Mrs. Florence Seaver Slocomb, the first woman Legislator from Worcester, attributes her victory to her women supporters, efficiently organized.... Her campaign committee was composed of women, 60 members of the Women's Republican Club. She reached every Republican woman in the district by phone or person and every Democratic woman by letter. A number of the Democratic women became her hardest workers. Through the women she expected to reach the men. One woman has often meant five votes, says Mrs. Slocomb....

She stayed at the polls all day checking up on the arrival of voters. A fleet of 25 autos operated by her women's transportation committee went after the tardy Republican housewives. In Mrs. Slocomb's own precinct she got out all but five of the Republican women voters. Her check-off and fetching system operated at every other precinct, according to her carefully laid organization.

At midnight the assurance came she would be Representative-elect, the award of an experience for which she forsook a lifelong anticipation of a trip to Europe....

'I'm a born fighter,' says Mrs. Slocomb, who appears anything but belligerent. 'Let's show them they can't help it, I challenged the Republican women.' And unhesitatingly she chose the long, hard work for the Representative election instead of basking in the sun in Southern France....

'The campaigning has been exhilarating. I am tired now, but I am satisfied. The men didn't expect we could do it....'"

Among the issues that she championed during her tenure was an effort to secure jury rights for women. After losing her bid for reelection, she continued to advocate for women's rights by launching petition drives and speaking publicly regarding suffrage matters.

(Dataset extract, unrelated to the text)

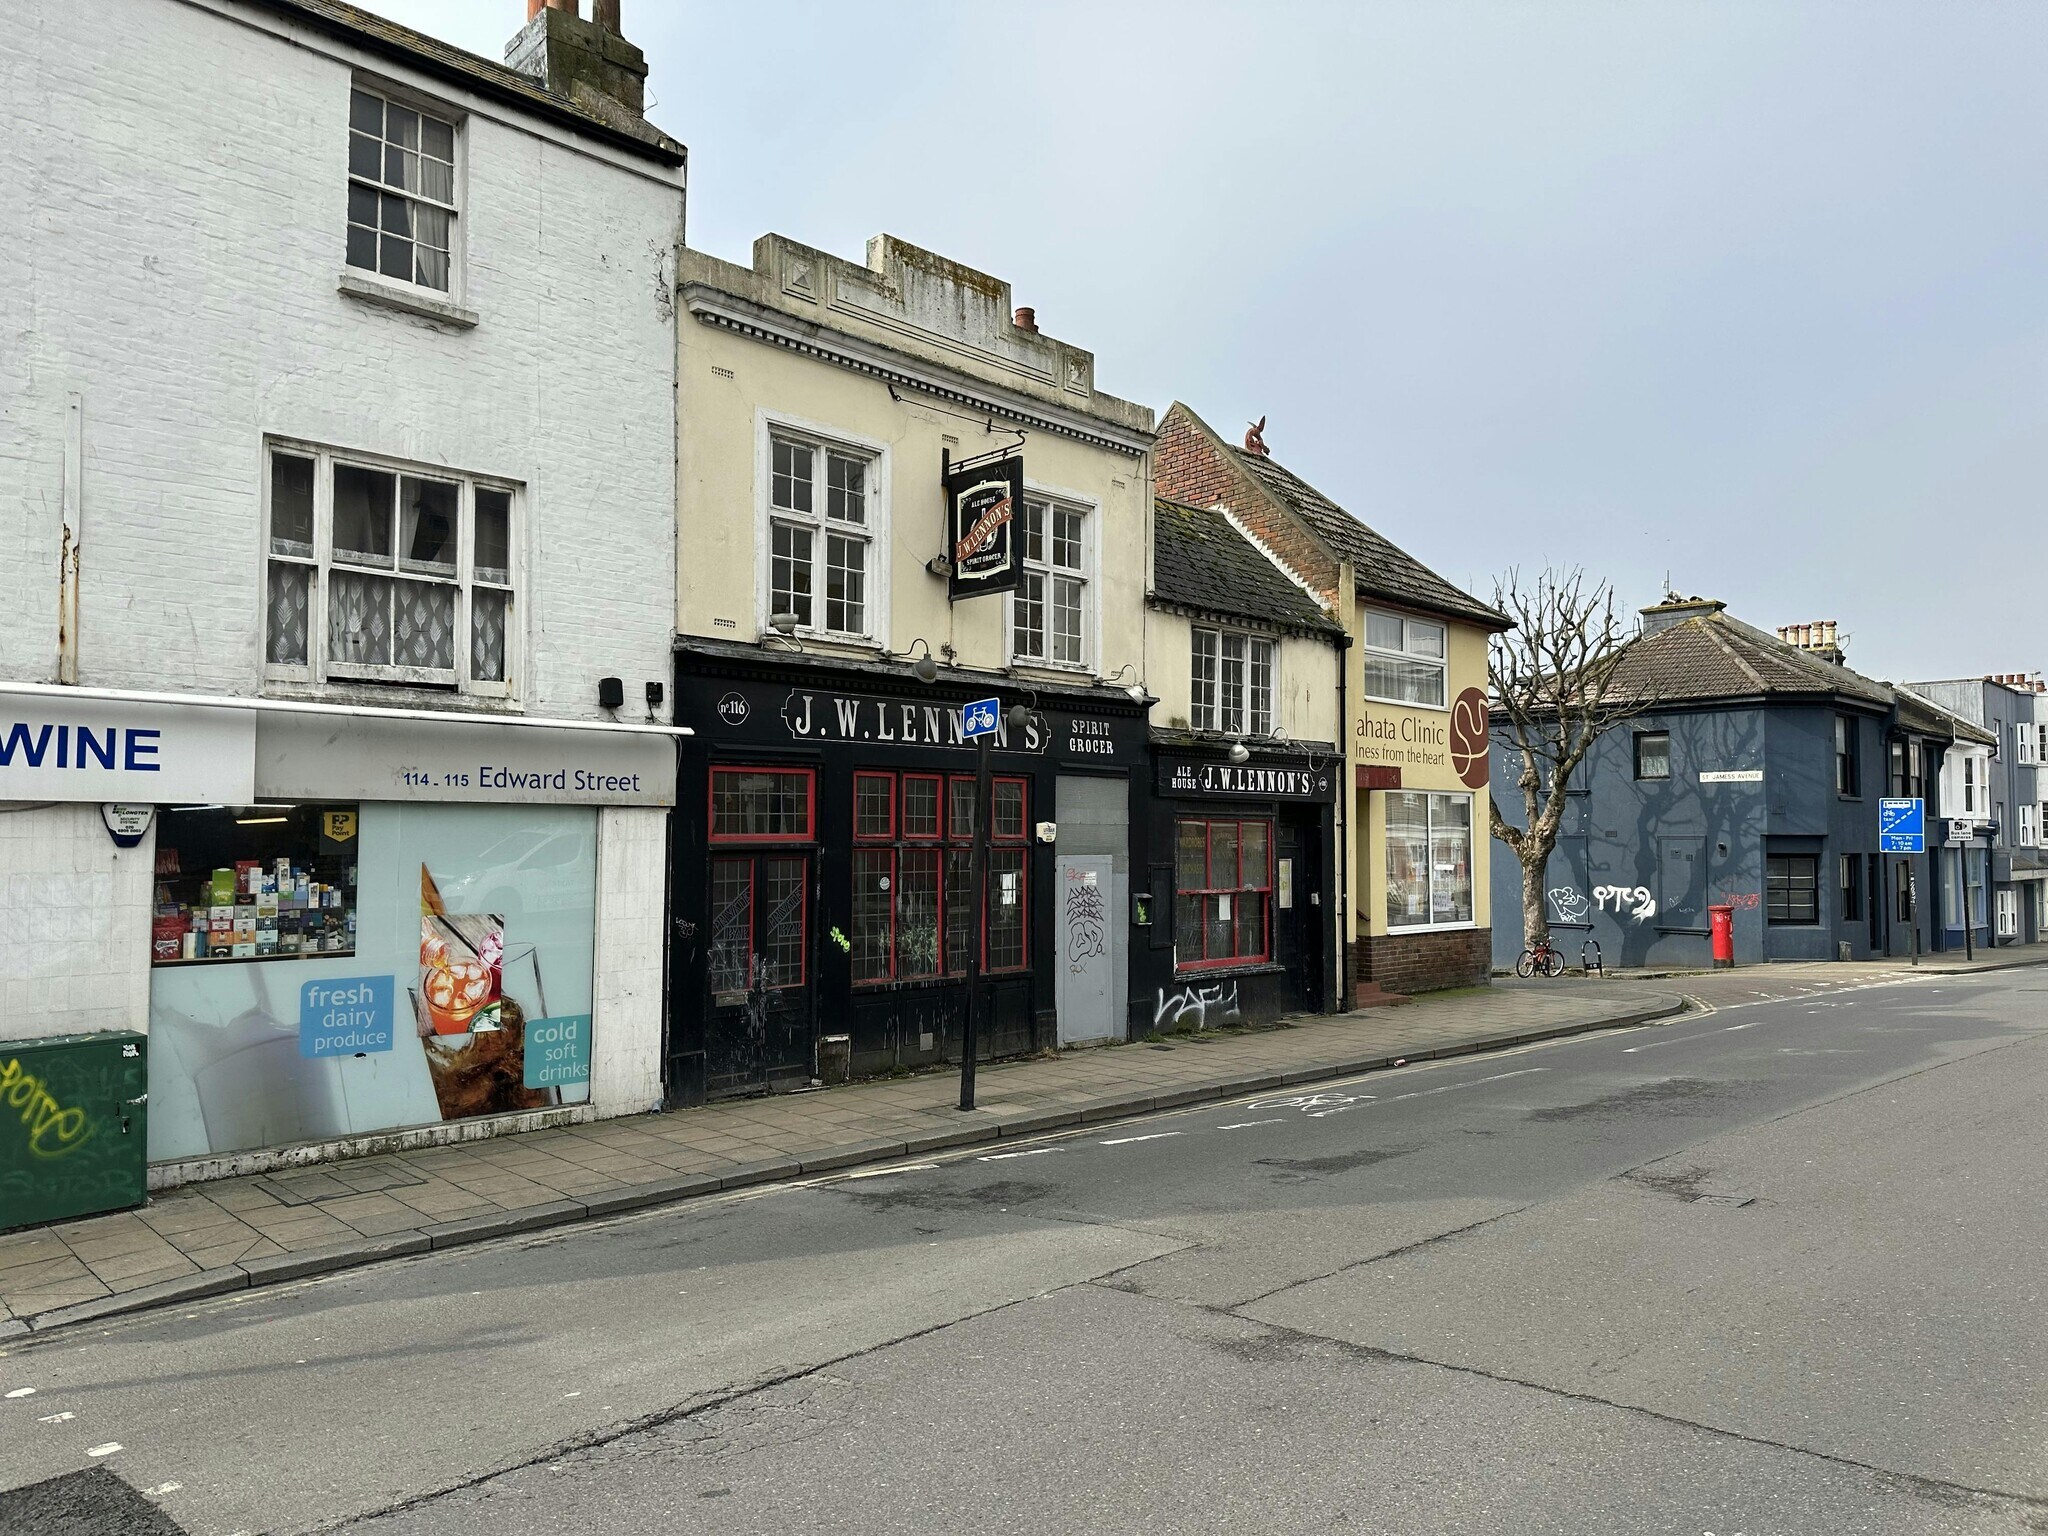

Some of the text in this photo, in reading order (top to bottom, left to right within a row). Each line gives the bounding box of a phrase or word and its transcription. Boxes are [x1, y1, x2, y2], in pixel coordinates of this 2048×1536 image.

In addition, she served as the president of the Republican Woman's Club (Ward 8), Worcester Smith College Club and, from 1910 to 1912, president of the Worcester Women's Club.

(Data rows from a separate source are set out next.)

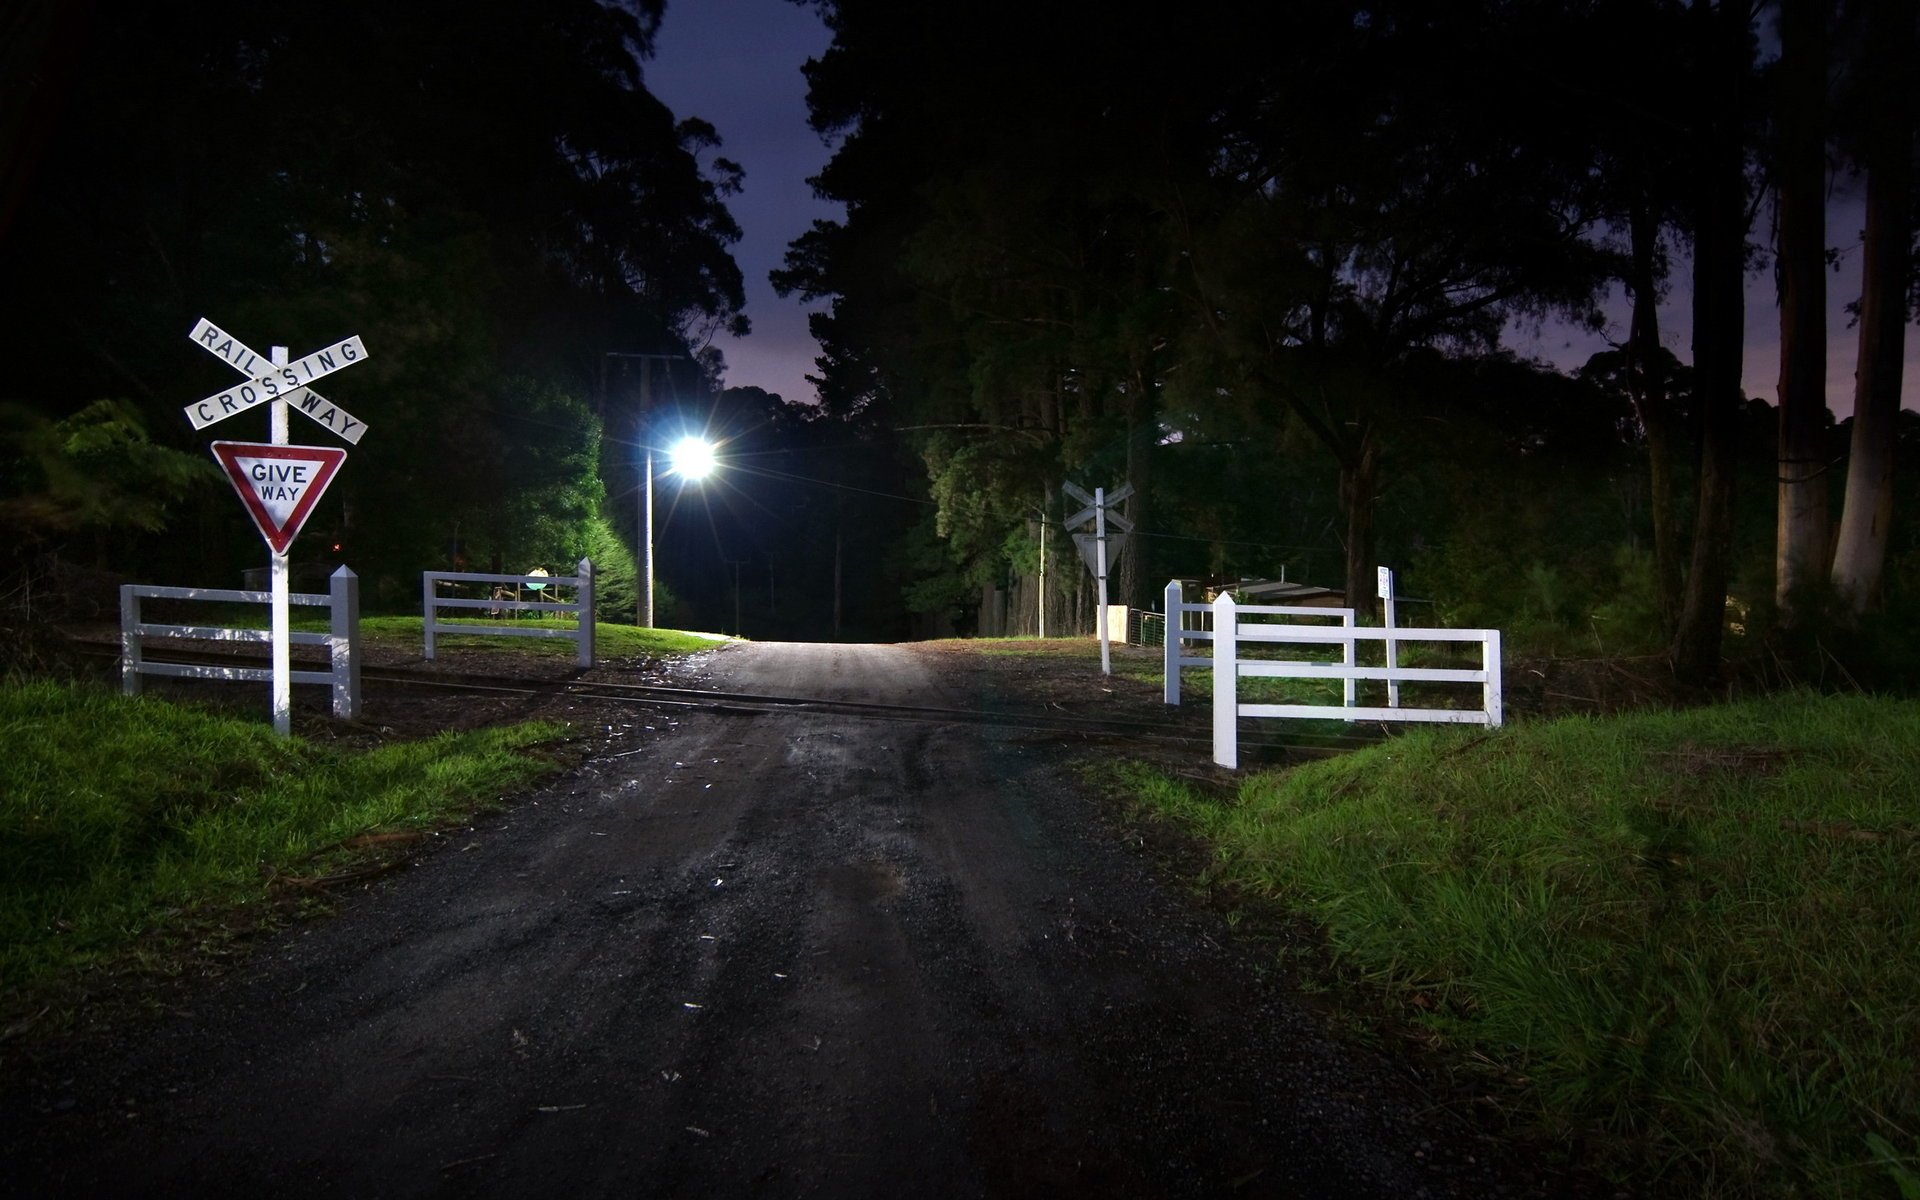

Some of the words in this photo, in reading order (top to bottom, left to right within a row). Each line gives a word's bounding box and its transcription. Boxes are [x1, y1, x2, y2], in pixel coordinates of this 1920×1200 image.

[198, 343, 357, 421] CROSSING
[200, 326, 254, 376] RAIL
[301, 392, 358, 435] WAY
[252, 464, 306, 483] GIVE
[261, 486, 299, 501] WAY

==Family life and community service==
Sometime around 1933, she relocated with her husband from Worcester to Cohasset, where she resided for the remainder of her life.

According to her 1955 obituary, she "was long an advocate of woman's suffrage and pure food laws."

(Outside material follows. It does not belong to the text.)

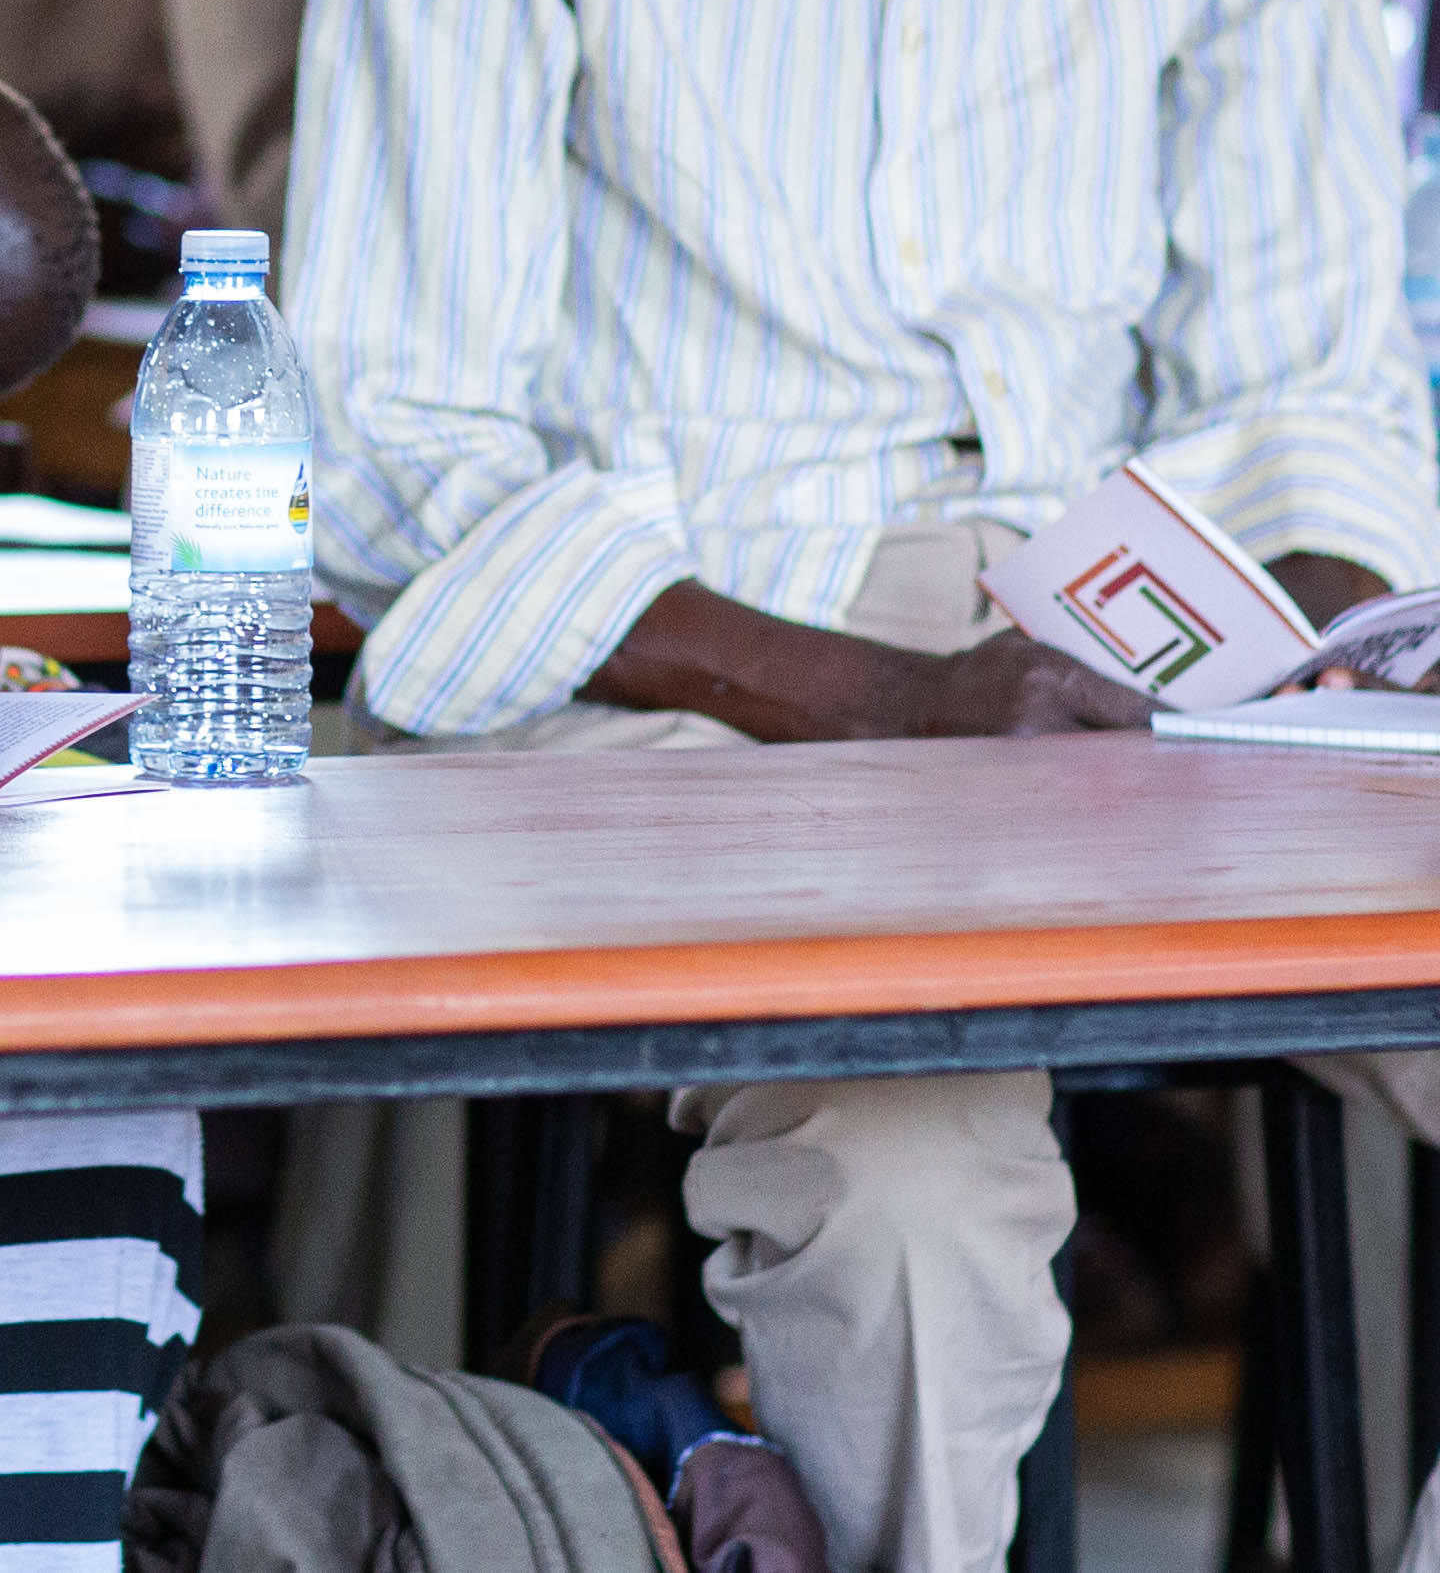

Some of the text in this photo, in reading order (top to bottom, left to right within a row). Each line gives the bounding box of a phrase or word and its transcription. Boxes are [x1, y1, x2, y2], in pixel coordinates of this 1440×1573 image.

[196, 466, 252, 481] Nature
[195, 484, 279, 499] creates the

She was also an active member of the Unitarian Church, and served on several committees which were part of the National Alliance of Unitarian and Other Liberal Christian Women.

==Death and interment==
Preceded in death by her husband in 1938, Florence (Seaver) Slocomb died at the age of 88 on Friday, November 11, 1955, in Roxbury, Massachusetts. Funeral services were held at 2 p.m. on Monday, November 14, 1955, in the Lucy Stone Chapel at the Forest Hills Crematorium in Jamaica Plain, Massachusetts. The couple's graves are located on the grounds of the cemetery associated with that crematorium. A resident of Cohasset at the time of her death, she was survived by her brother, William N. Seaver, a resident of Melrose, Massachusetts.